I'm not giving up though. I have to make that clear, to myself, every day. I still choose the things that are good for me. And when I don't, I try not to beat myself up. I eat popsicles instead of cartons of ice cream. I decline the candy I tolerate but don't love. I take the stairs even though I end up winded at the top. I get up early to walk even though I'd rather a few more minutes under the quilt. I eat boneless, skinless chicken for almost every meal. I can't help it. Even if it won't change how I look drastically, I still hold out hope...

Because I want to be beautiful. The way beautiful matters to me. I want to be beautiful through my smile, under my smile, because of my smile.

I want the beauty that I want for girls and women all over the world. I want to feel strong and capable and smart and successful and most of all -- beautiful.

What makes me beautiful?

My smile.

And my new pants.

Monday, September 17, 2018

We Are Celebrating!

It's almost fall. It doesn't feel like it in Los Angeles (or in Howell either, as I look at the weather report and see photos of my parents in shorts). But alas, it's mid-September and summer has been over for Angela and I for months. We spent six weeks in Howell, and they were wonderful. We swam three times a week with my parents and their friends. We ate and drank and laughed on the patio for hours on end. We saw family and friends and caught up with everyone we miss while we're on the other side of the country. We put together jigsaw puzzles and played cards and watched baseball and played Giant Jenga. We went through old photos, we cleaned out closets, we walked and we napped and we shared milestones.

And we also celebrated.

We celebrated that the web series I wrote, and that we filmed last year, won not one but two awards at the Oniros Film Awards. The Couch won for best web series and for best screenplay. And I was beyond stunned. I was so excited just to hear that we'd been nominated! What a surprise! Honestly. I've spent over ten years applying to writing contests. Submitting for fellowships. Sending in script after script, check after check, keeping a list, crossing out those contests when I find out I've lost. It's not a big deal. Rejection is par for the course in Hollywood. I know this. I expect this. So when I found out we'd won...

Well, that was something.

We had to submit three finished episodes of our series to be considered (we'll have seven episodes total) and the complete script. They liked what they saw, and read, and so, we won. Really, quite unexpected. This is not the norm.
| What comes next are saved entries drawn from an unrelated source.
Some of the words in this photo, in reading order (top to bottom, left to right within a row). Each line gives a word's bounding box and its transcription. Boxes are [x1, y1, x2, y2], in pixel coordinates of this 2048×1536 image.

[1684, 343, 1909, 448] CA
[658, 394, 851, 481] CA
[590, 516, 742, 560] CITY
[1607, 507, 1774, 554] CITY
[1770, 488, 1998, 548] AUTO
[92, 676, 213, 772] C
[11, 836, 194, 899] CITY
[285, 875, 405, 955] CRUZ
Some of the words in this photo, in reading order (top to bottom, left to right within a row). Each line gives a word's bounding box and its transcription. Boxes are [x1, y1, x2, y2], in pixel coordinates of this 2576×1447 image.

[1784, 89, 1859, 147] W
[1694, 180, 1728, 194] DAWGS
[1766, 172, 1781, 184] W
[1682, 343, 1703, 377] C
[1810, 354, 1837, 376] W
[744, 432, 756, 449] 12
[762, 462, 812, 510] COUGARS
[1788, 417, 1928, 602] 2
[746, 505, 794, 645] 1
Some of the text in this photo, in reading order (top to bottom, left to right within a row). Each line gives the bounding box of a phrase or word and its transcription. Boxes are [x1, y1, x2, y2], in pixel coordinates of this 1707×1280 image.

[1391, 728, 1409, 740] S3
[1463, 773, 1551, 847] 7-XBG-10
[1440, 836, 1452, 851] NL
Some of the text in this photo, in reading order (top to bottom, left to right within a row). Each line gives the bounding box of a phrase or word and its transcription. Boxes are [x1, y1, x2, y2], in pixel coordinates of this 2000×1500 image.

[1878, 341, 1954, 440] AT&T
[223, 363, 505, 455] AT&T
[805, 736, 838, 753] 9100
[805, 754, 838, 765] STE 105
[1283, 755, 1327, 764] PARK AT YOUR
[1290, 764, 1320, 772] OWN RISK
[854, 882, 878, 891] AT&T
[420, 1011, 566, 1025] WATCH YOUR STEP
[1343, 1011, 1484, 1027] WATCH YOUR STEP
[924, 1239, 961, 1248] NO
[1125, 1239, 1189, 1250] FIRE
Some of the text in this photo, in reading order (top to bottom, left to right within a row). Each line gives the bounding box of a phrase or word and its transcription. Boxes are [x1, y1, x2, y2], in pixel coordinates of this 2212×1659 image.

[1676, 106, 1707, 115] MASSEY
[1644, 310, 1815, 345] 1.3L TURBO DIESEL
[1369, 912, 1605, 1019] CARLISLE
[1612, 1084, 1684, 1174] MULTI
But it is amazing. It's amazing because the words that I wrote, several years ago now, the stories I created, are being shared. Not just between Angela and myself. Not just between my best writer friends and myself. Not just between the cast and crew of The Couch and myself. But the stories I created are going out into the world. Literally. The Oniros Film Awards are in Italy!

Also, I love that while my words are being heard and my stories are being told, our entire Couch Team is being recognized because without them, my stories are just files on my MacBook, maybe pages I print out to run my hand across. And in particular that another female is being recognized for being behind the camera.

In August, right after we got back from Michigan, we headed off to church to hear Mark Stephenson preach on the film Wonder Woman. (Yep, if you go to Hollywood UMC you get sermons about movies all summer long!) And during his sermon he mentioned some statistics I'd recently highlighted on social media -- that of the top 100 movies in 2017, only 7.3% were directed by women. That's it, 7.3%. So I am super proud of The Couch for adding to the percentage of film and television being directed by women!

Also, it was so sweet of Mark to shout me out during the sermon. He mentioned my awards and The Couch and I love how supportive the Hollywood UMC community has been and continues to be of me and all females in this business.

So we won a couple of awards -- that's great! Everyone was so happy for us! BUT...they wanted to know when the series would premiere.

Well, last week we made a big announcement! We invited the world to the premiere of The Couch! On October 25th! We are so excited!

We're going to have a big, dress up affair! We're going to have a red carpet! We're going to have a screening! We're going to have live music! We're going to have a Q & A afterwards!

My parents are coming into town for the event! My friends, even those of them who go to bed super early because they kick butt at super early morning jobs, are going to come! I've already tried on my dress! I am EXCITED!

Because something I made is going to be shared. Again.

See this isn't the first time I've shown the world The Couch. Well, technically I've shown it to my world. In July, I got my hands on some almost finished drafts of the seven episodes and was able to show them to my parents and Angela. I was so excited. And so nervous. Because that was the premiere I'd been waiting for forever. These three people - Angela, Chris, and Tom, have made this possible. Without their love and support (SUPPORT, again, for the people in the back! THIS DID NOT HAPPEN WITHOUT ALL OF THEM) The Couch doesn't happen. These people, my people, my world, encouraged me. They saw that this was the most important thing I could do professionally with my life and they let me do it. They made me do it. They didn't let me have any excuses. They made the space in this world for an artist, a writer, to write. And that's a VERY RARE gift. I know that. We all know that. And I am so grateful for that gift. (P.S. - They loved it. They are biased but they still told me they loved it. They said it looked like a TV show (yay!). They wanted to know what happens next! I said well we'll have to see if season 2 is a go...)

But now we are ready for everyone to see our show! If you're in Los Angeles, RSVP, put on your best frock, and come on over! If you're elsewhere in the world? Well, don't worry -- you're going to see it in October too! Please watch. Please share. Please enjoy. Because we made this for you. We made this to share women's stories. And we made this to entertain.


Wednesday, August 22, 2018

I Will Vote Yes, signed Angela

A guest post from Angela -- 

#utlastrong #red4ed #schoolbeutner 

If you have been paying attention to any national news in the past year chances are you have seen stories about teacher strikes. All across the country educators are taking to the streets to demand fair wages, good healthcare, smaller class sizes, funding for programs and much, much more. The fight for these things and more is currently ramping up in the country’s second largest school district. This week the 30,000 plus members of United Teachers Los Angeles (UTLA), the Los Angeles public school teachers’ union, will vote to authorize a strike. While I can’t tell you with certainty that the members will overwhelmingly vote to leave the safety of our classrooms and schools, I know that I will vote yes. 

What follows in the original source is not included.